(Dataset entries)
::::::

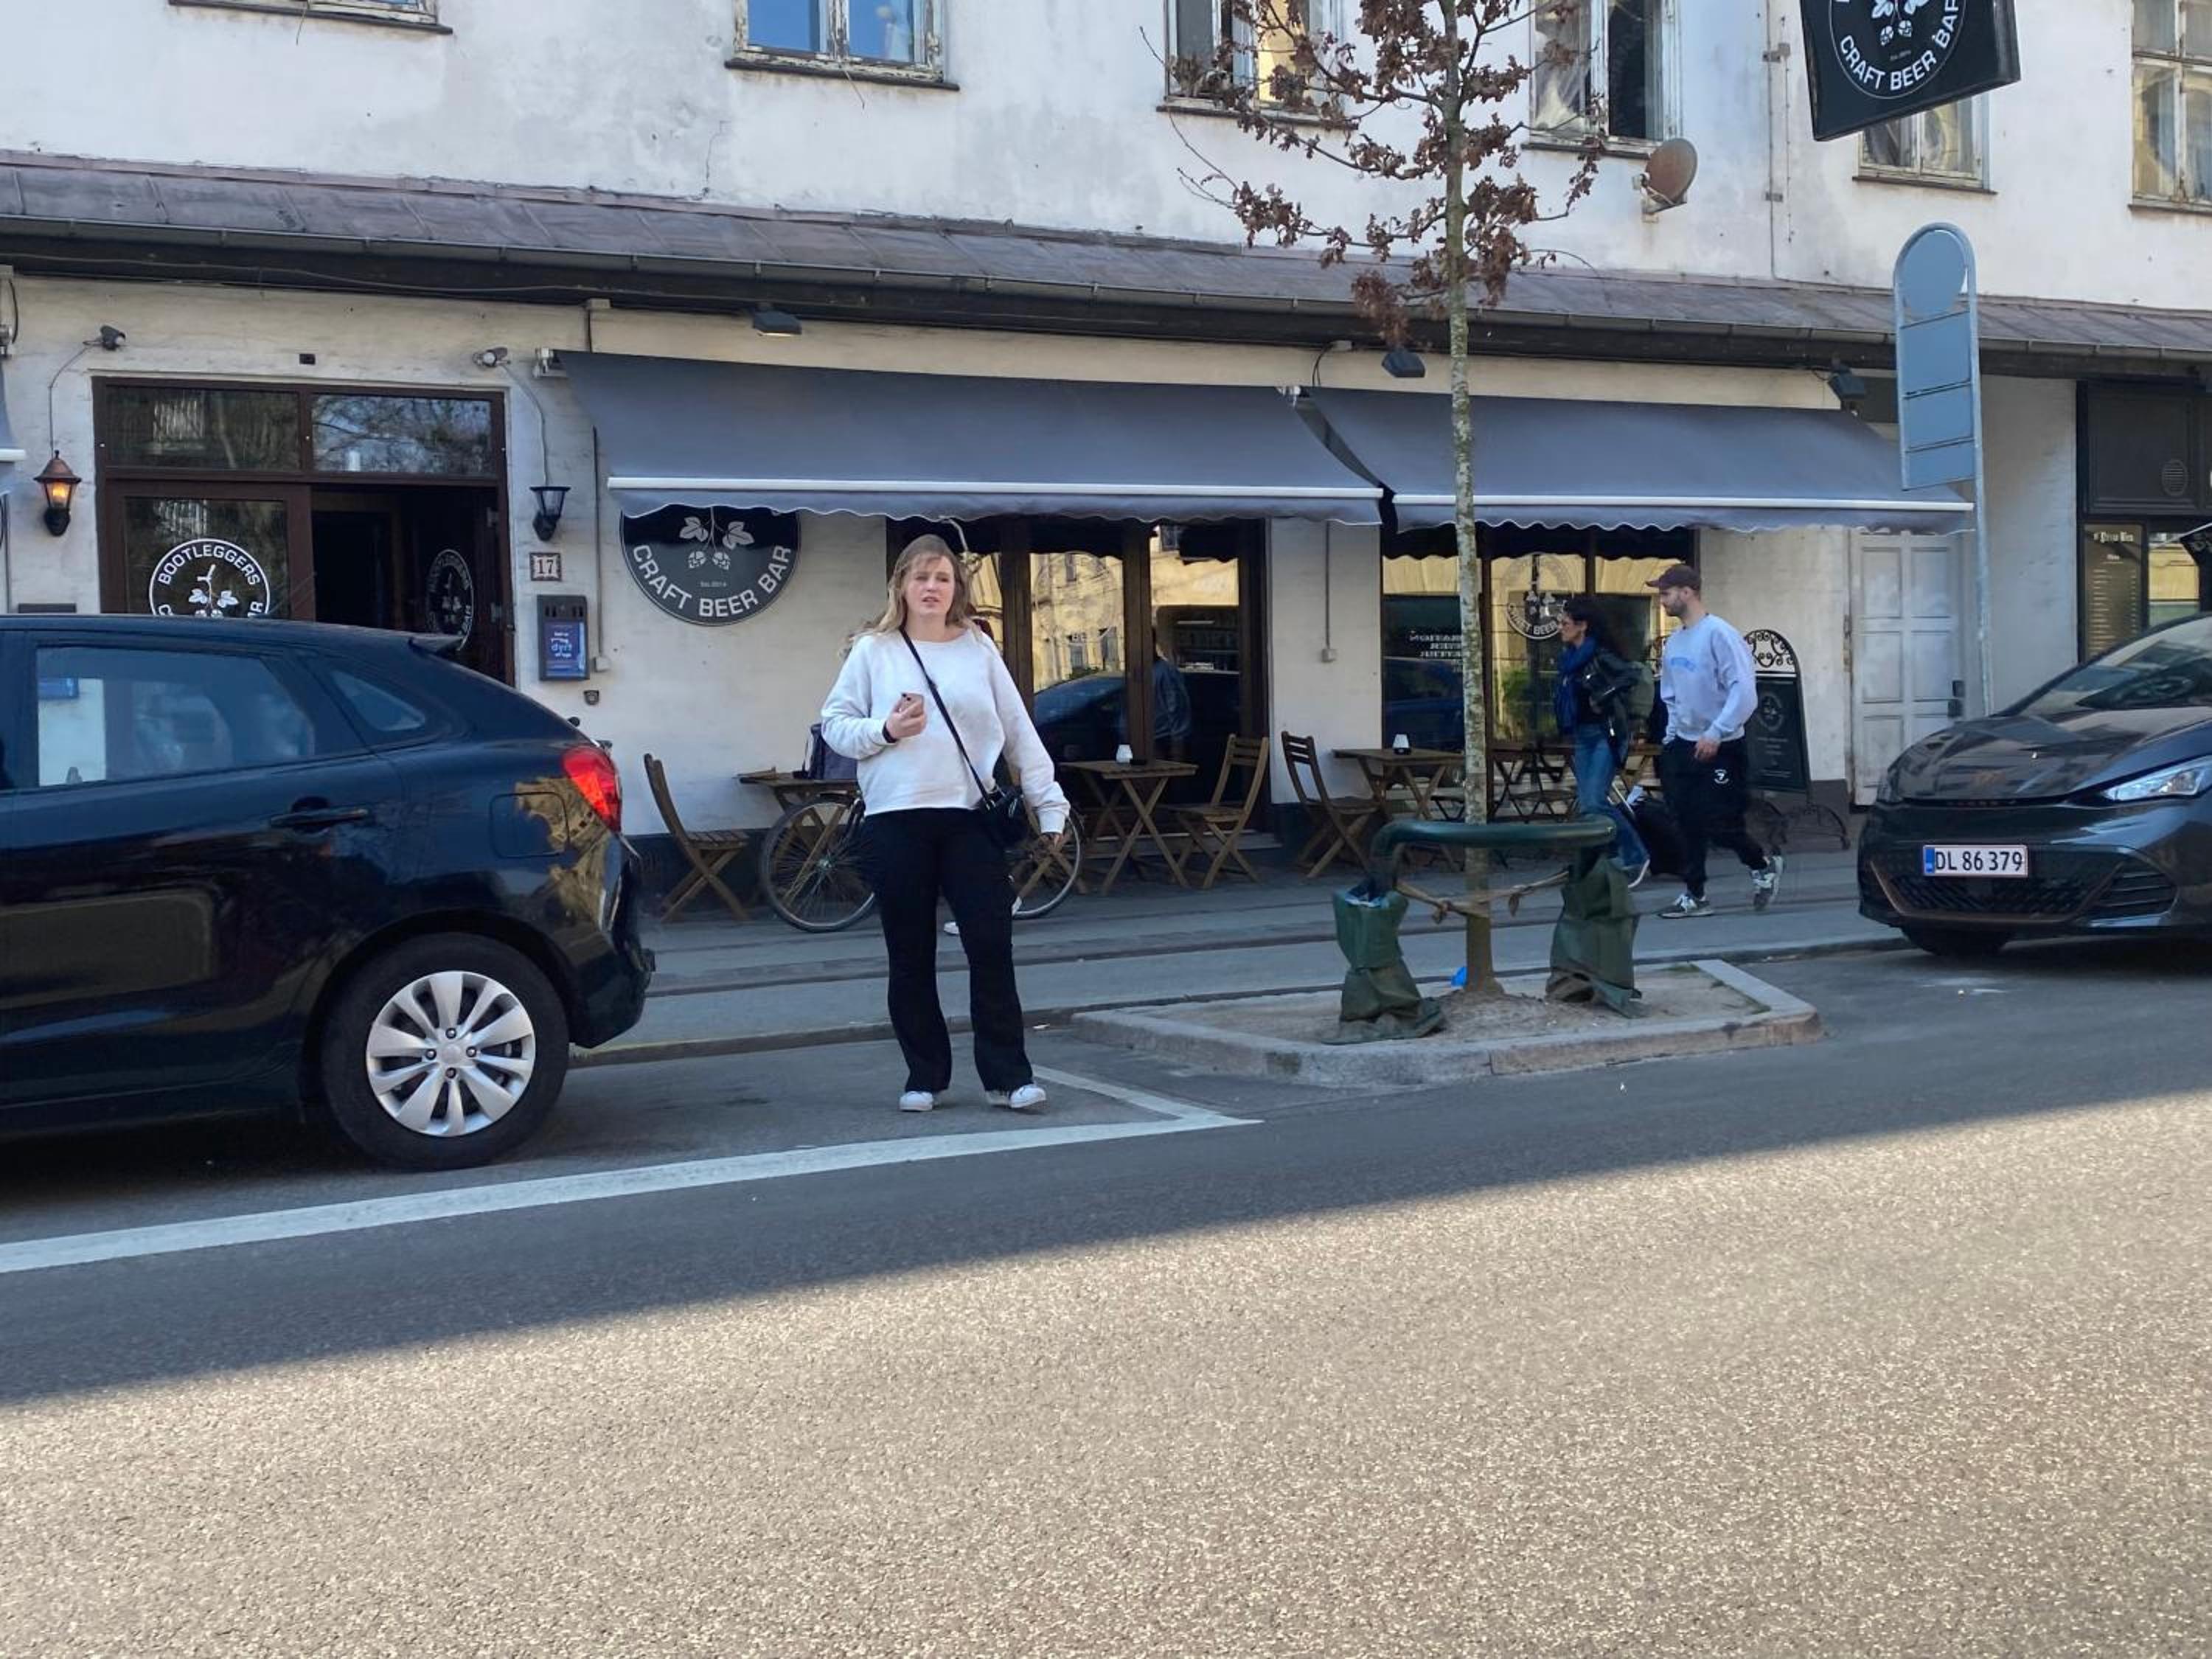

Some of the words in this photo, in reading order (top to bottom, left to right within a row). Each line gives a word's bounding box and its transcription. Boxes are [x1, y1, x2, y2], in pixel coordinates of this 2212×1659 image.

[1840, 35, 1885, 89] CRAFT
[1890, 49, 1937, 91] BEER
[158, 544, 260, 585] BOOTLEGGERS
[536, 559, 554, 574] 17
[633, 545, 692, 609] CRAFT
[698, 589, 759, 617] BEER
[758, 546, 791, 594] BAR
[1935, 851, 1957, 871] DL
[1962, 851, 1983, 871] 86
[1989, 851, 2023, 872] 379
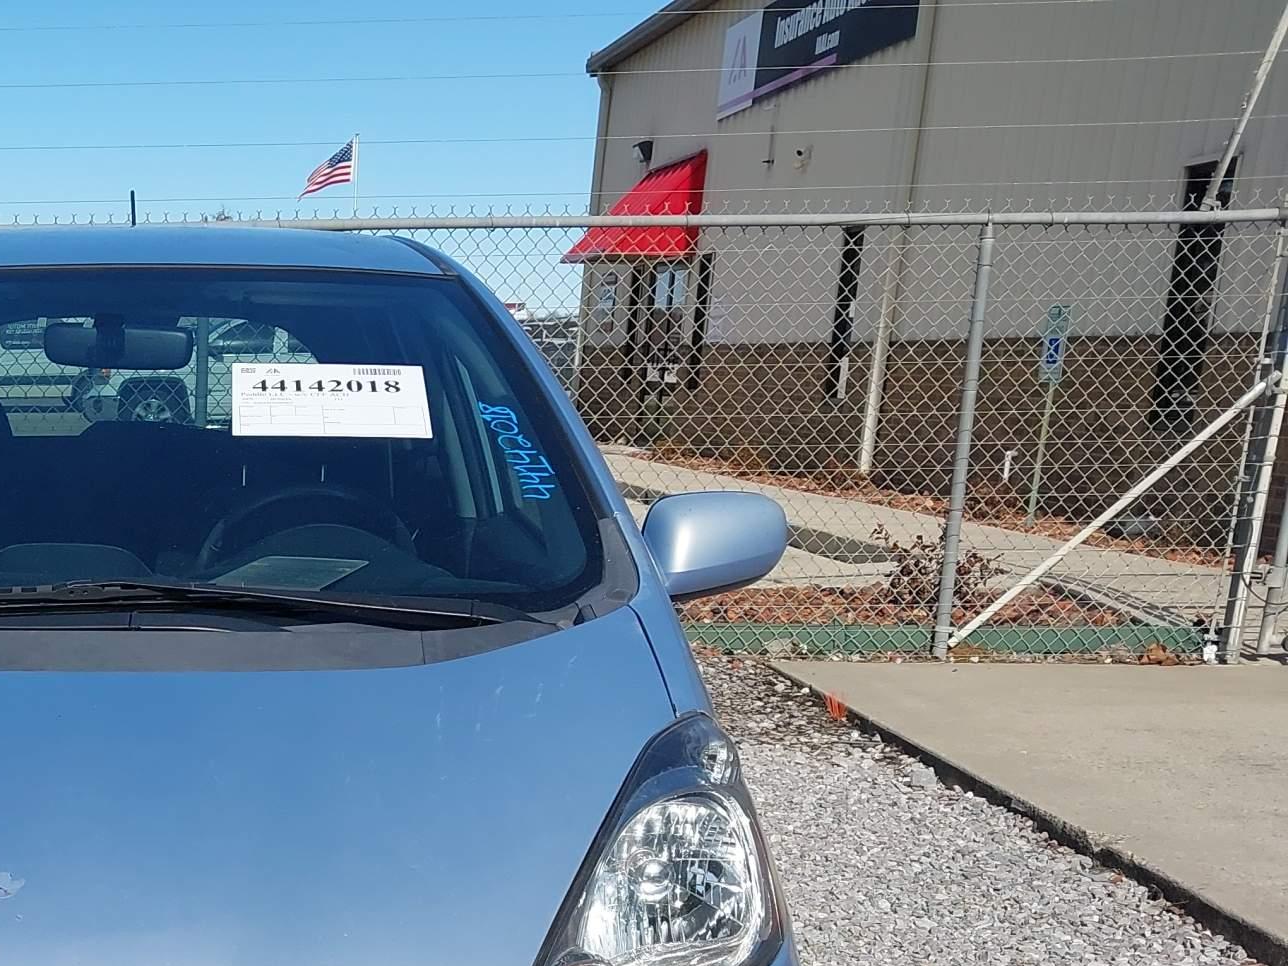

::::::

▸ Problem:
Return the data verbatim, leaving out the pictures it holds.

▸ Answer to the exercise:
Some of the words in this photo, in reading order (top to bottom, left to right within a row). Each line gives a word's bounding box and its transcription. Boxes are [x1, y1, x2, y2], in pixel coordinates of this 2212×1659 image.

[1840, 35, 1885, 89] CRAFT
[1890, 49, 1937, 91] BEER
[158, 544, 260, 585] BOOTLEGGERS
[536, 559, 554, 574] 17
[633, 545, 692, 609] CRAFT
[698, 589, 759, 617] BEER
[758, 546, 791, 594] BAR
[1935, 851, 1957, 871] DL
[1962, 851, 1983, 871] 86
[1989, 851, 2023, 872] 379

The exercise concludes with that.